Provided entries section start

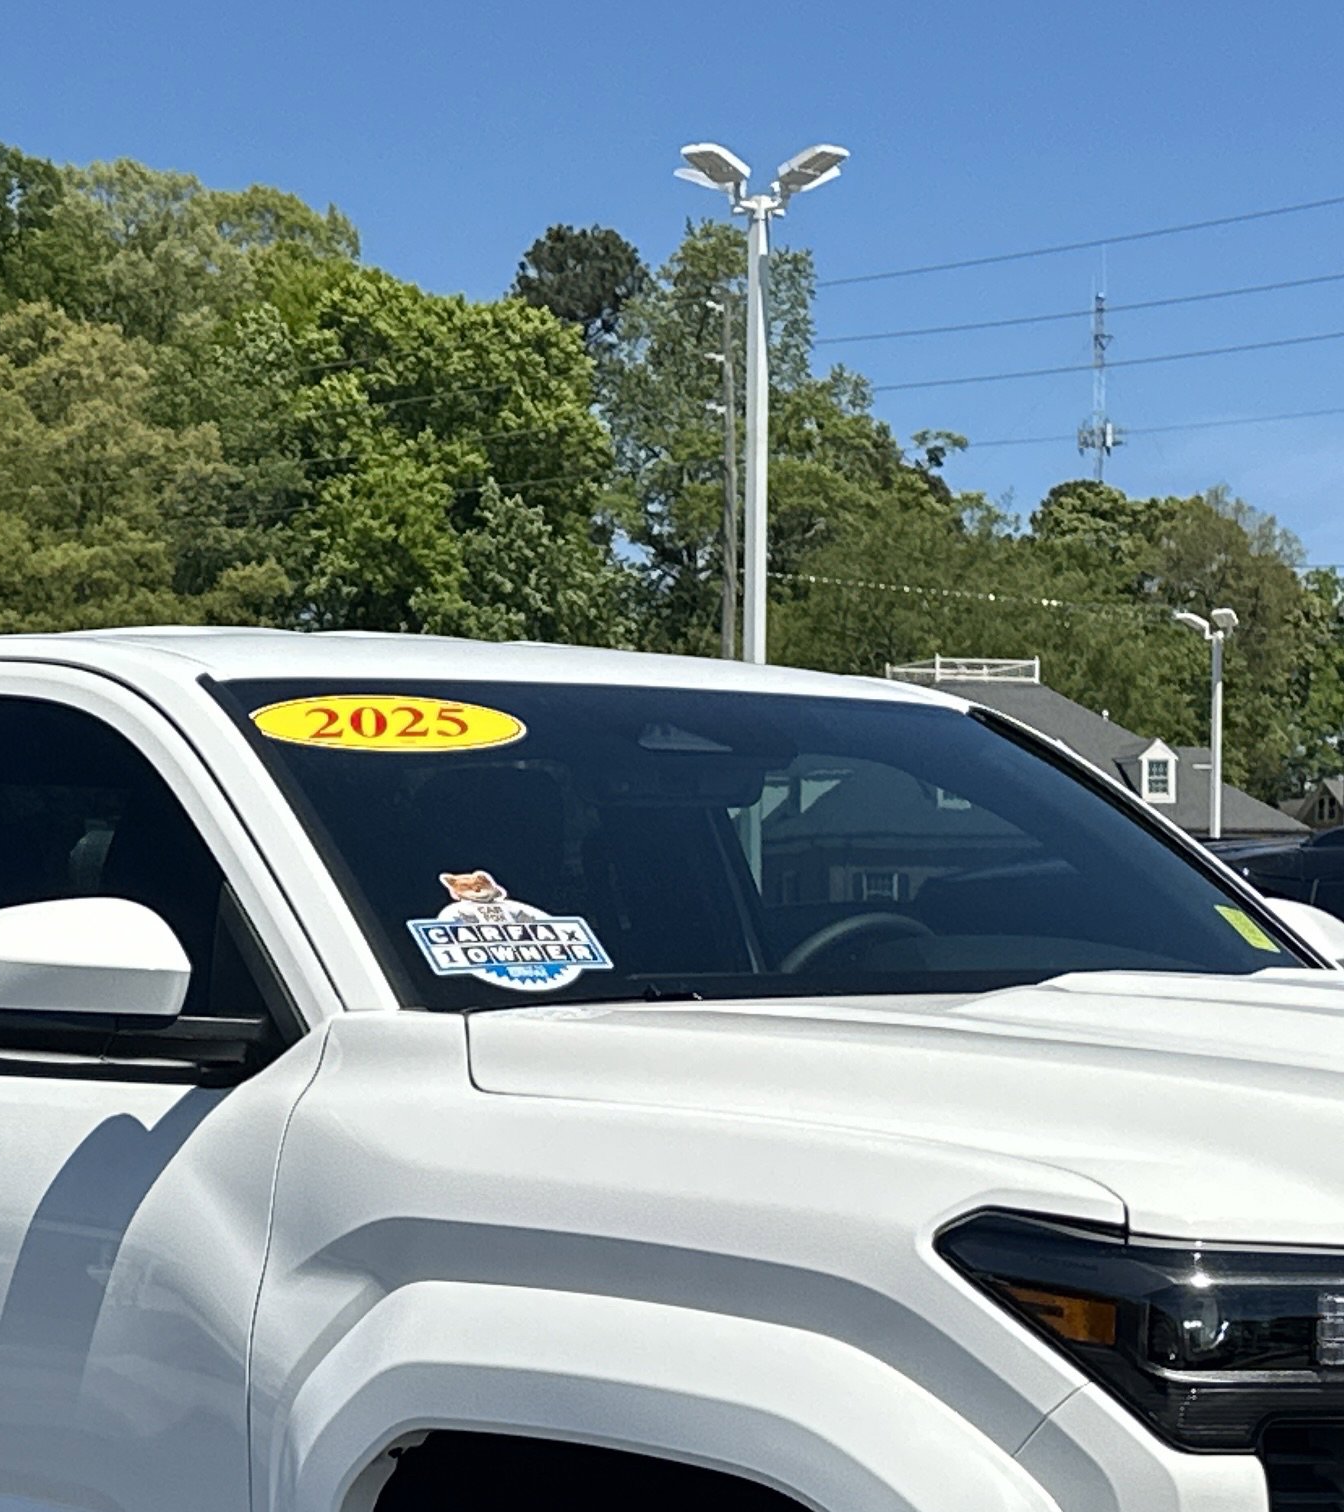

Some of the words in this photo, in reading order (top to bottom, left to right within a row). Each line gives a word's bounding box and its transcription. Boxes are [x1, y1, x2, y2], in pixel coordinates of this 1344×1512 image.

[305, 706, 469, 738] 2025
[426, 925, 582, 944] CARFAX
[442, 949, 458, 964] 1
[465, 944, 594, 964] OWNER
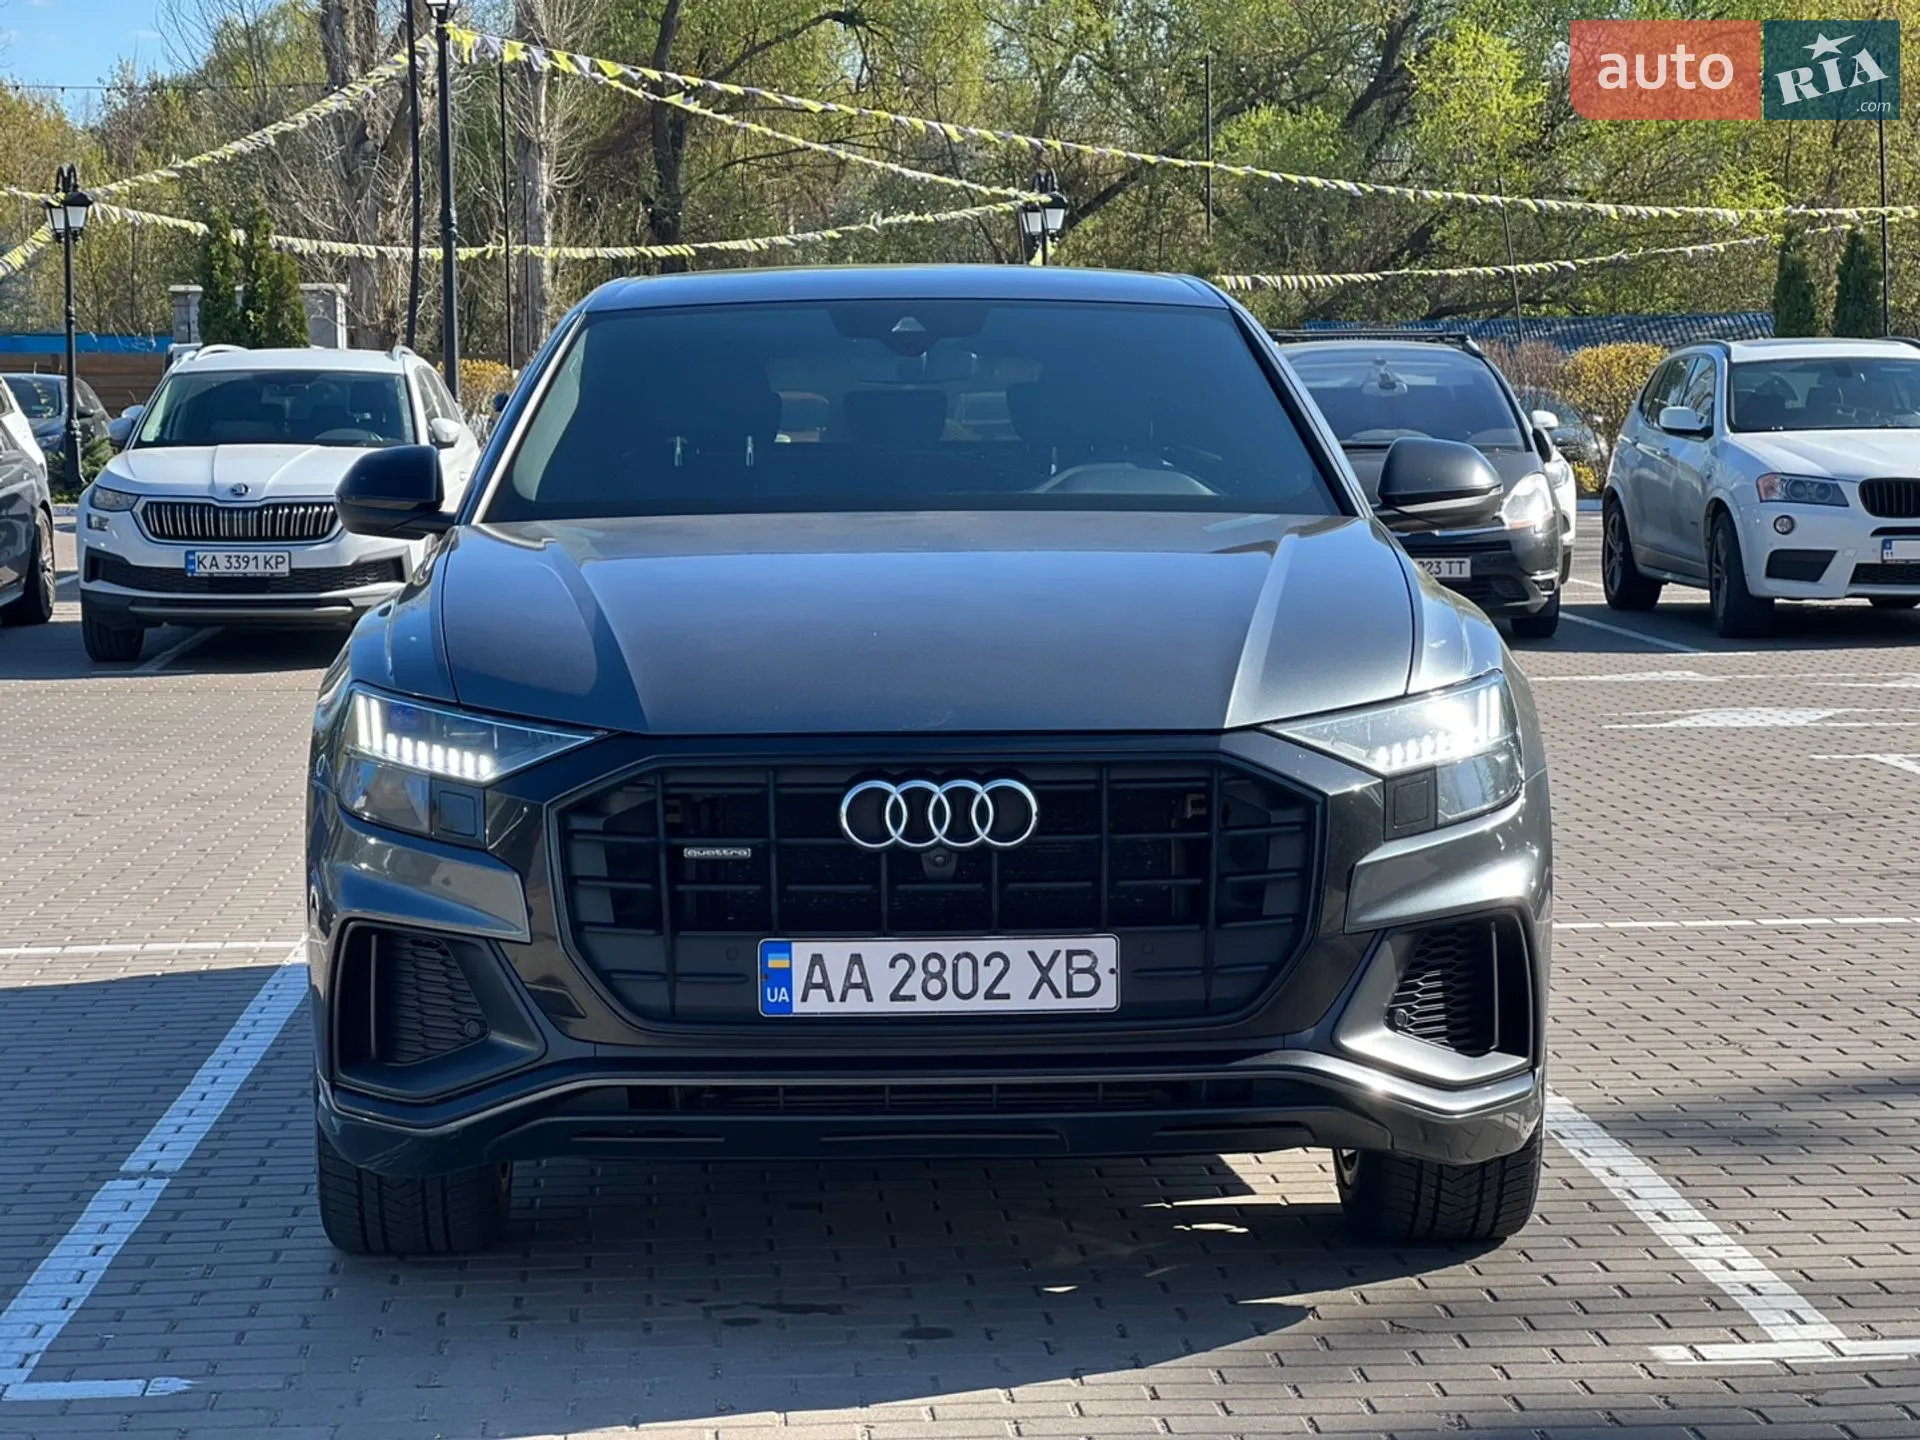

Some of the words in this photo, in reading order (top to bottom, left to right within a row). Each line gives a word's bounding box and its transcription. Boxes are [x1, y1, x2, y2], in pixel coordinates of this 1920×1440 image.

[197, 554, 220, 570] KA
[223, 554, 259, 570] 3391
[263, 554, 286, 570] KP
[1445, 560, 1467, 575] TT
[685, 848, 751, 858] quattro
[799, 953, 874, 1003] AA
[888, 951, 1012, 1003] 2802
[1027, 949, 1102, 1000] XB
[766, 987, 790, 1004] UA
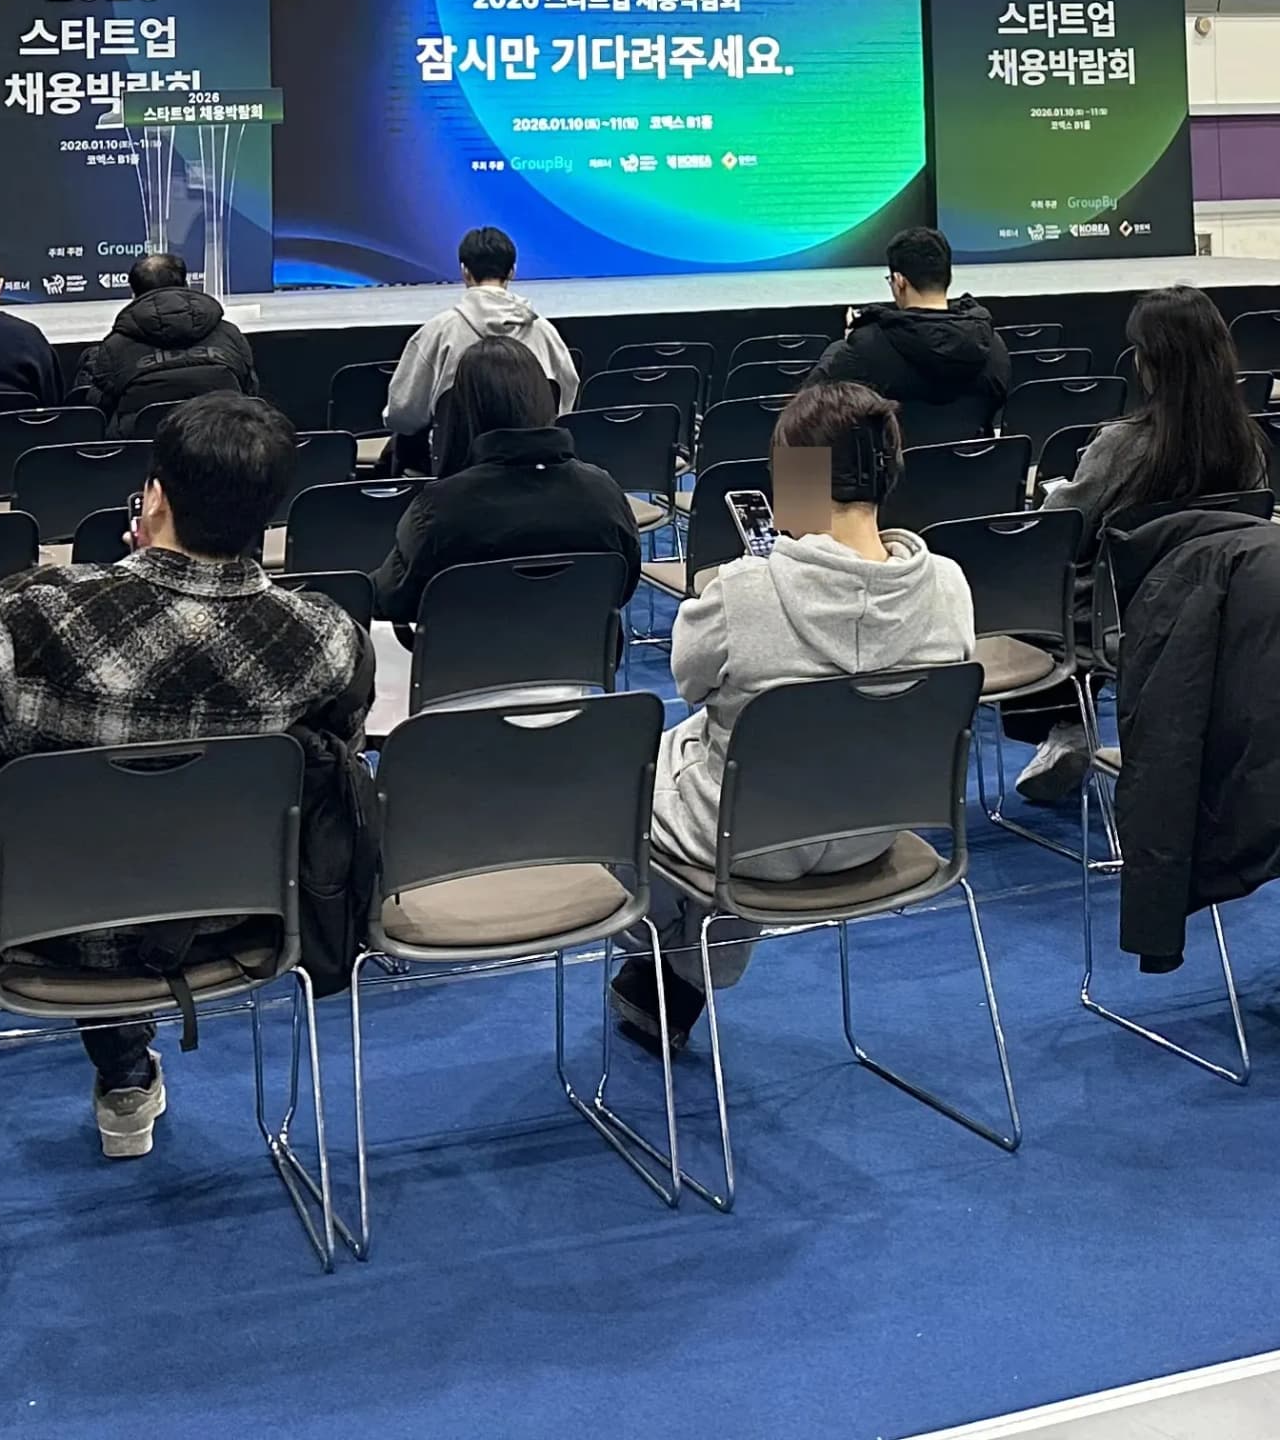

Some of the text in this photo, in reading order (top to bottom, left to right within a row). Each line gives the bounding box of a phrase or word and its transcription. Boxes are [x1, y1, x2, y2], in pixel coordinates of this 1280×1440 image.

[997, 1, 1116, 38] 스타트업
[18, 16, 176, 60] 스타트업
[415, 34, 795, 82] 잠시만 기다려주세요.
[988, 48, 1136, 86] 채용박람회
[188, 92, 220, 104] 2026
[143, 104, 263, 122] 스타트업 채용박람회
[86, 154, 116, 166] 코엑스
[510, 155, 574, 173] GroupBy
[1067, 195, 1118, 211] GroupBy

Provided entries section end

Exercise description >> Return the entries verbatim without images.

Output of the task >>
Some of the words in this photo, in reading order (top to bottom, left to right within a row). Each line gives a word's bounding box and its transcription. Boxes are [x1, y1, x2, y2], in pixel coordinates of this 1344×1512 image.

[305, 706, 469, 738] 2025
[426, 925, 582, 944] CARFAX
[442, 949, 458, 964] 1
[465, 944, 594, 964] OWNER

Some of the words in this photo, in reading order (top to bottom, left to right within a row). Each line gives a word's bounding box and its transcription. Boxes are [x1, y1, x2, y2], in pixel coordinates of this 1920×1440 image.

[197, 554, 220, 570] KA
[223, 554, 259, 570] 3391
[263, 554, 286, 570] KP
[1445, 560, 1467, 575] TT
[685, 848, 751, 858] quattro
[799, 953, 874, 1003] AA
[888, 951, 1012, 1003] 2802
[1027, 949, 1102, 1000] XB
[766, 987, 790, 1004] UA

Some of the text in this photo, in reading order (top to bottom, left to right within a row). Each line gives the bounding box of a phrase or word and its transcription. Boxes are [x1, y1, x2, y2], in pixel coordinates of this 1280×1440 image.

[997, 1, 1116, 38] 스타트업
[18, 16, 176, 60] 스타트업
[415, 34, 795, 82] 잠시만 기다려주세요.
[988, 48, 1136, 86] 채용박람회
[188, 92, 220, 104] 2026
[143, 104, 263, 122] 스타트업 채용박람회
[86, 154, 116, 166] 코엑스
[510, 155, 574, 173] GroupBy
[1067, 195, 1118, 211] GroupBy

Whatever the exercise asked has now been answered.